(x-posted to Feministing Community)
You would think that after having delivered two babies vaginally–one after a cesarean section–Joy Szabo’s ability to give birth is sufficiently proven.
Not so, according to Page Hospital of Page, Arizona, where Mrs. Szabo delivered all three of her babies (including the one VBAC), but now faces an unnecessary and unwanted “elective” cesarean for her fourth. Page recently enacted a ‘VBAC ban,’ a policy that is more appropriately referred to as a “denial of service for women with prior cesarean unless they preauthorize surgery” since a vaginal birth is not so much a “procedure” that a hospital can elect to perform or not, but rather is a biological process which they can attend or not attend, but will happen either way.
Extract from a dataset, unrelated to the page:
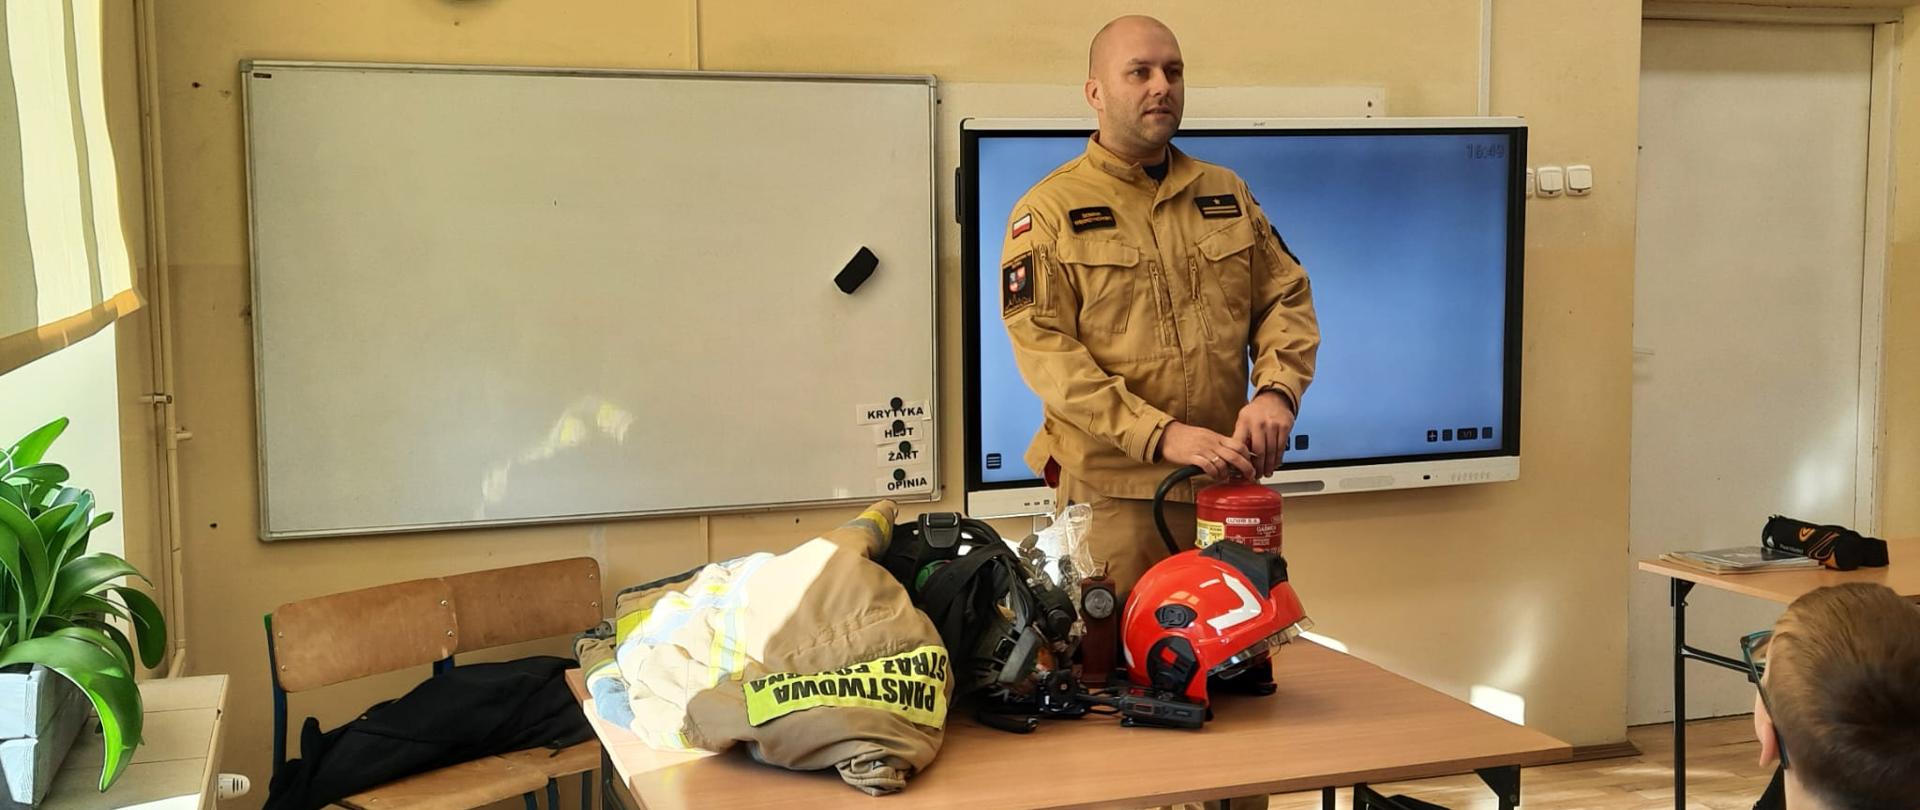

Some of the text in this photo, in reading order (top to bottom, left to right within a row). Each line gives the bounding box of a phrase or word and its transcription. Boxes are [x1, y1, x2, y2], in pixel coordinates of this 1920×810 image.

According to the hospital Chief Executive Officer Sandy Haryasz, the hospital’s choice not to attend vaginal births for women with a prior cesarean seems to be that birth is just too unpredicatable, VBAC just too risky. From the Lake Powell Chronicle:
“Page simply does not have the physician resources to respond to an emergency. Currently, we have two physicians who are delivering babies and a third physician will be joining us next week.
“Three physicians cannot provide the coverage recommended by ACOG (American College of Obstetrics and Gynecology). The physicians must be immediately available because of the risks of a VBAC and we cannot provide that in Page. In addition, we cannot provide an anesthesiologist to be readily available because we only have one anesthesiologist.”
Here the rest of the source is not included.